▶ **PROBLEM TO WORK ON**:
Images don't belong in the copy. Output the rest of the data exactly.

Records excerpted from a collection
________________
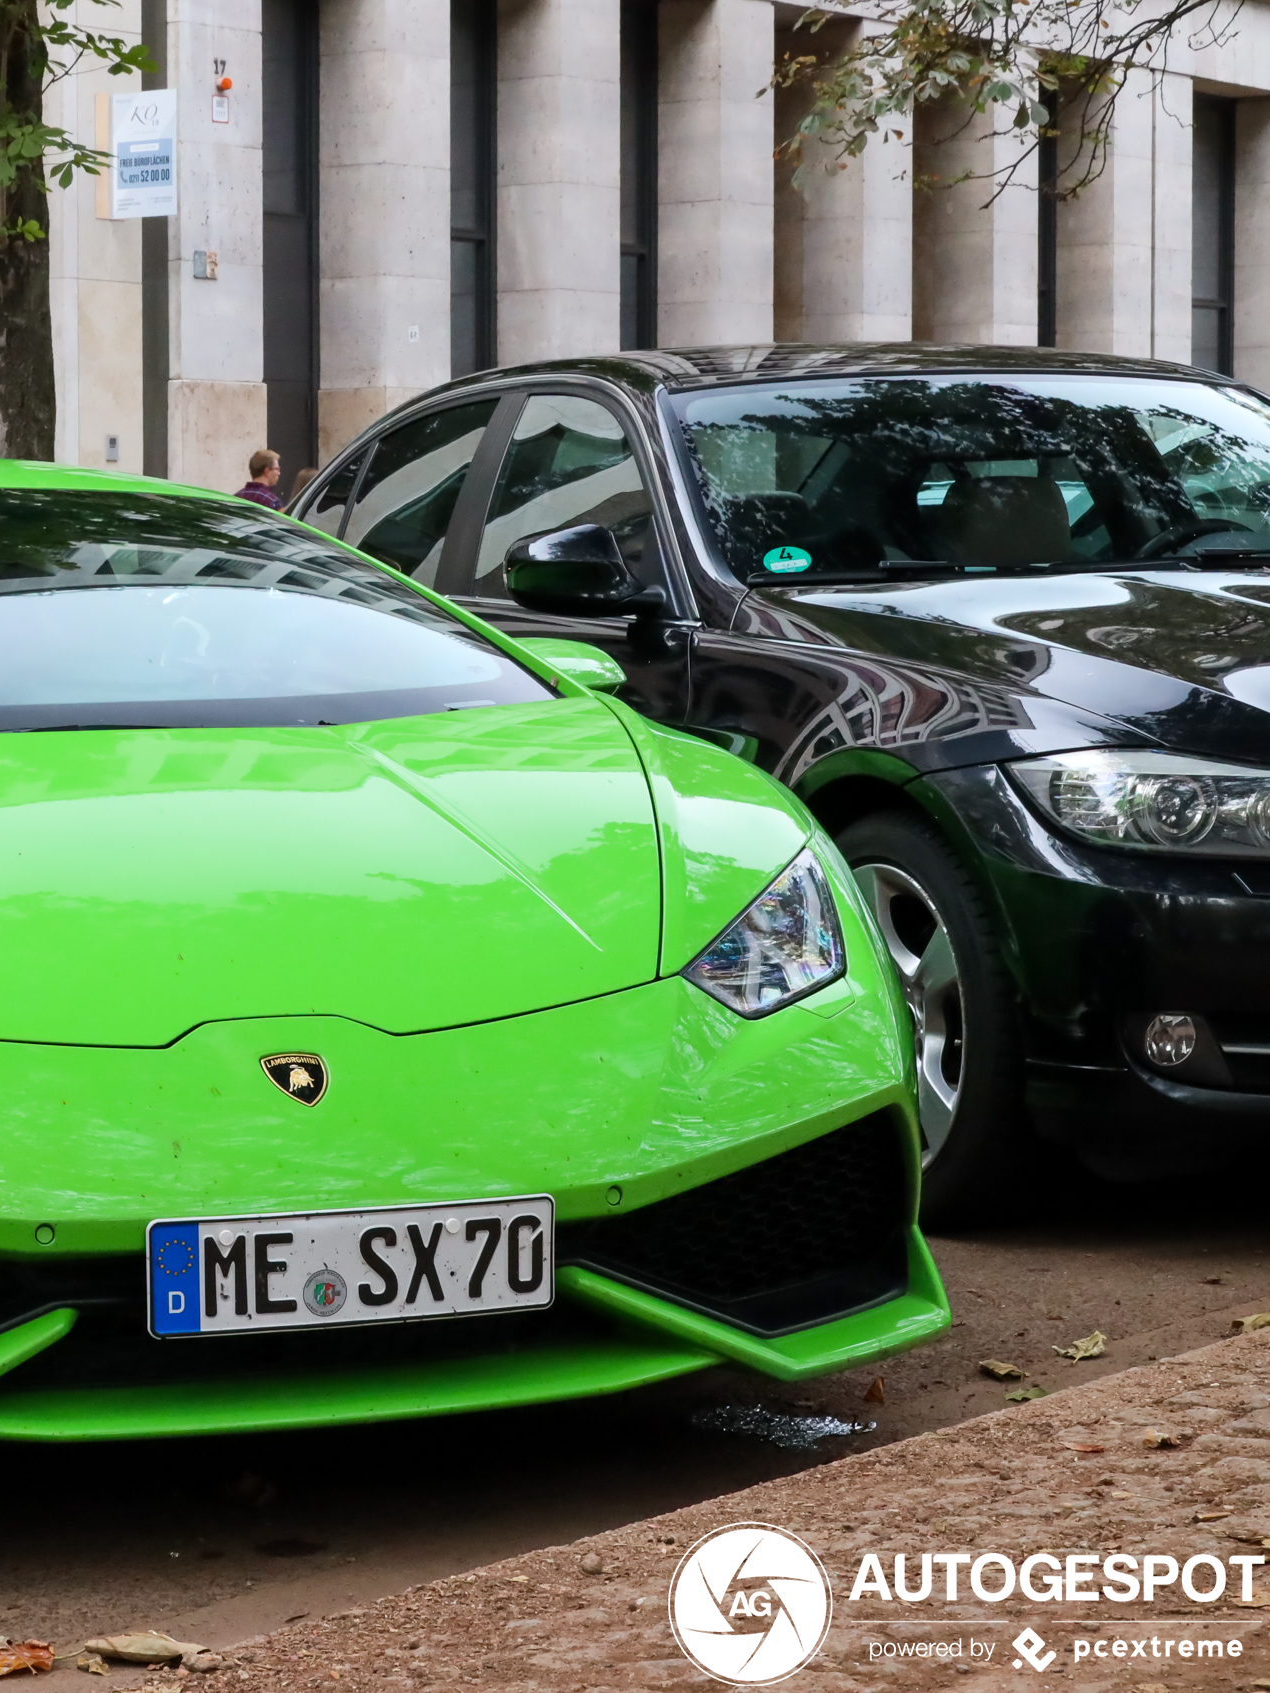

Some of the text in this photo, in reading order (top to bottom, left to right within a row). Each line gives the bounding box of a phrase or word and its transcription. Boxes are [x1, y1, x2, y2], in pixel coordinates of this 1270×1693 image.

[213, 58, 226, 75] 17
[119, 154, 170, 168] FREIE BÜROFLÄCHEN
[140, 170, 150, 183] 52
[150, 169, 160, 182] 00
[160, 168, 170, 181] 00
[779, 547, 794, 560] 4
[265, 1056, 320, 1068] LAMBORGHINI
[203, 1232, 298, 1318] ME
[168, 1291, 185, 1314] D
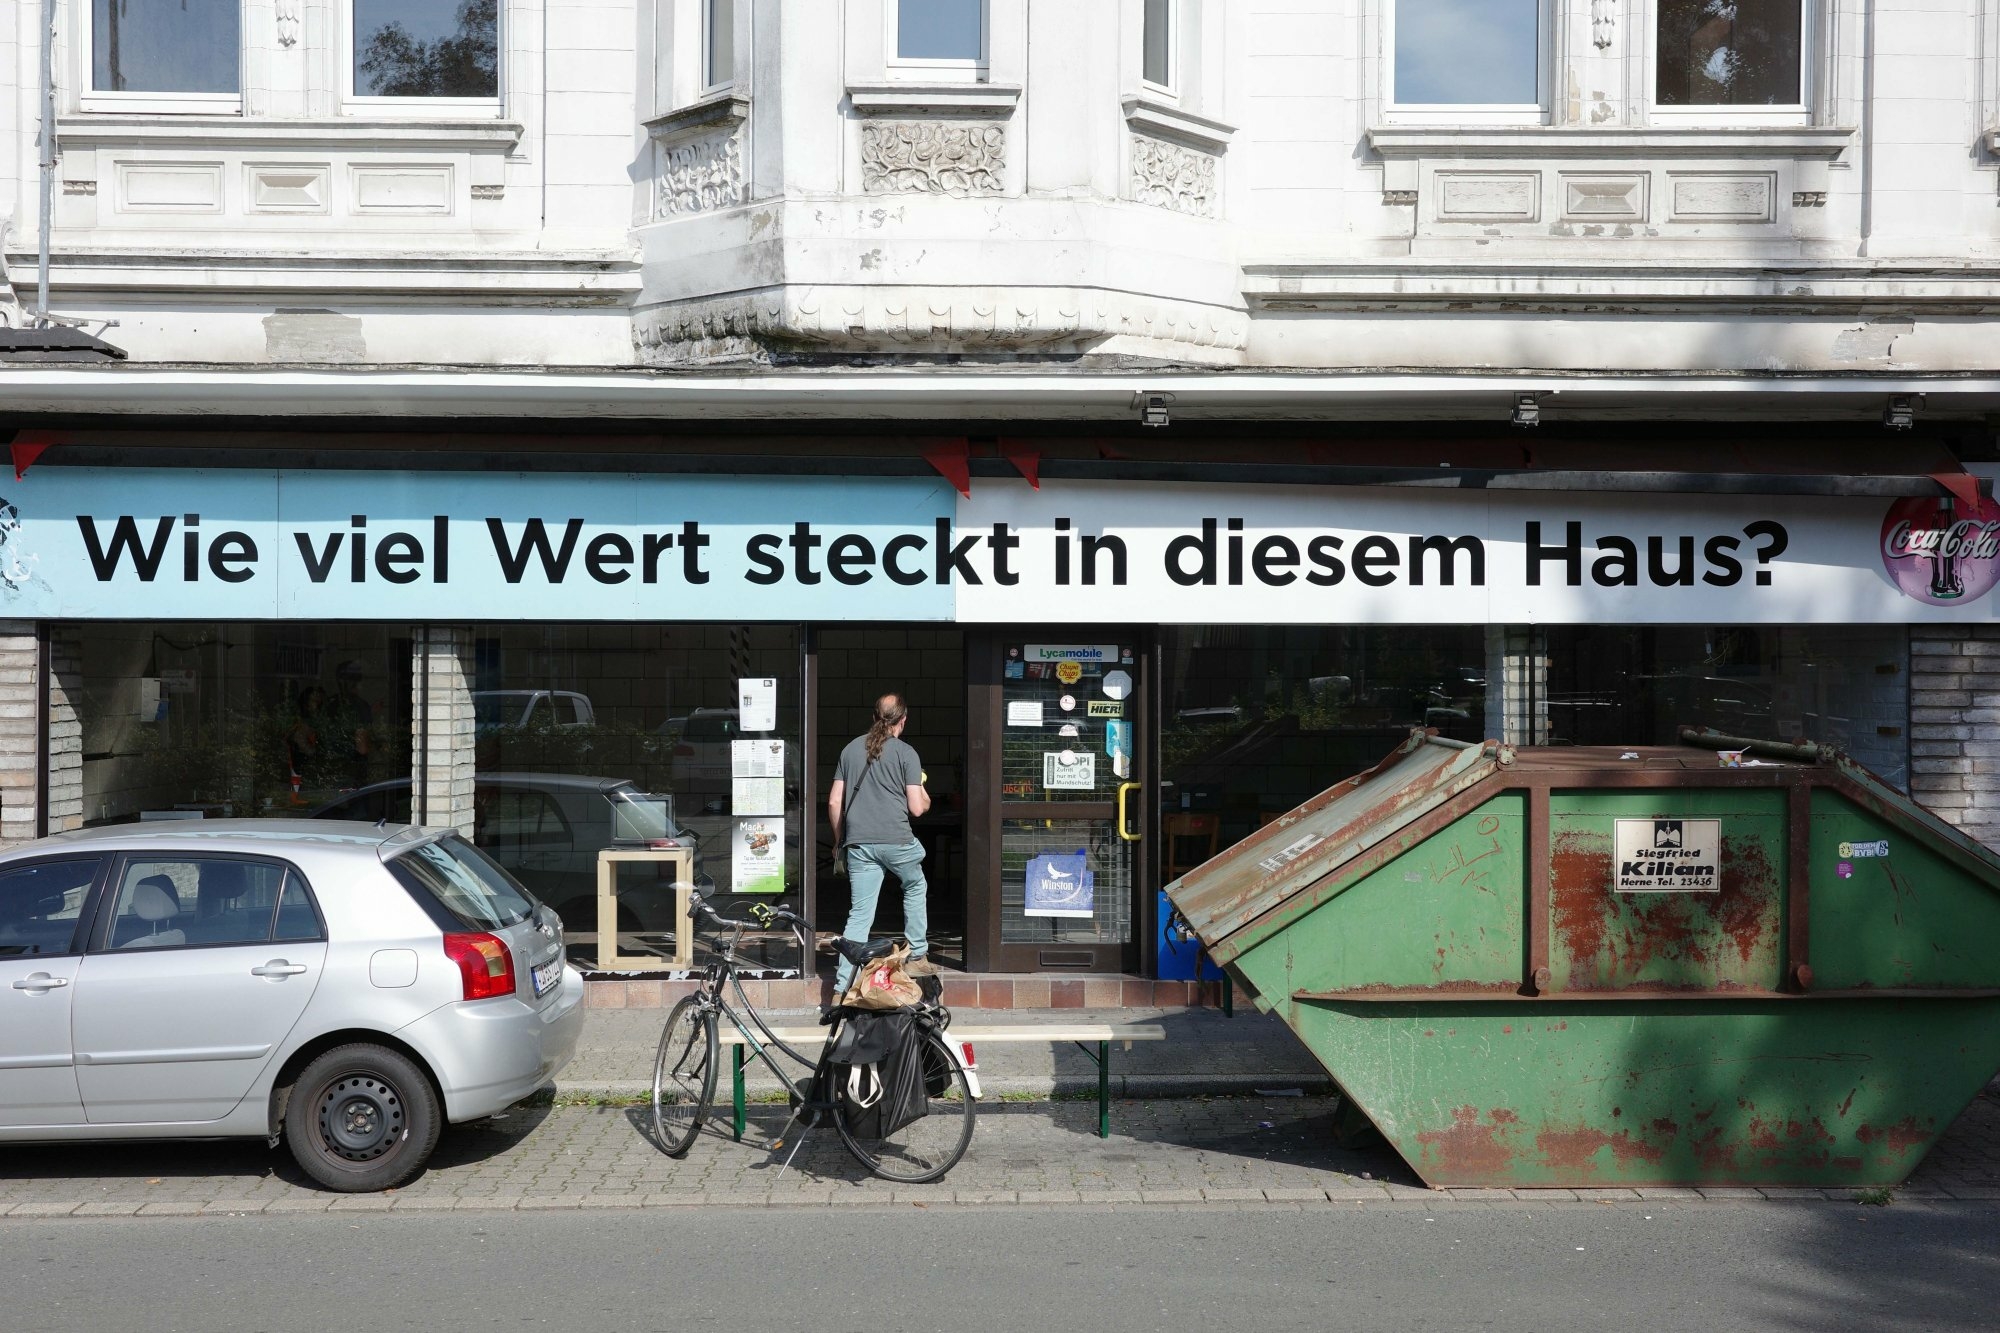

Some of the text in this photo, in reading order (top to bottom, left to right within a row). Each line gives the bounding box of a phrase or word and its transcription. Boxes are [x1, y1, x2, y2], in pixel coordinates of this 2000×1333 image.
________________
▶ **RESPONSE BELOW**:
Some of the text in this photo, in reading order (top to bottom, left to right within a row). Each line gives the bounding box of a phrase or word and its transcription. Boxes are [x1, y1, x2, y2], in pixel coordinates of this 1270×1693 image.

[213, 58, 226, 75] 17
[119, 154, 170, 168] FREIE BÜROFLÄCHEN
[140, 170, 150, 183] 52
[150, 169, 160, 182] 00
[160, 168, 170, 181] 00
[779, 547, 794, 560] 4
[265, 1056, 320, 1068] LAMBORGHINI
[203, 1232, 298, 1318] ME
[168, 1291, 185, 1314] D

Some of the text in this photo, in reading order (top to bottom, left to right within a row). Each line gives the bounding box of a phrase or word and its transcription. Boxes are [x1, y1, x2, y2], in pixel coordinates of this 2000×1333 image.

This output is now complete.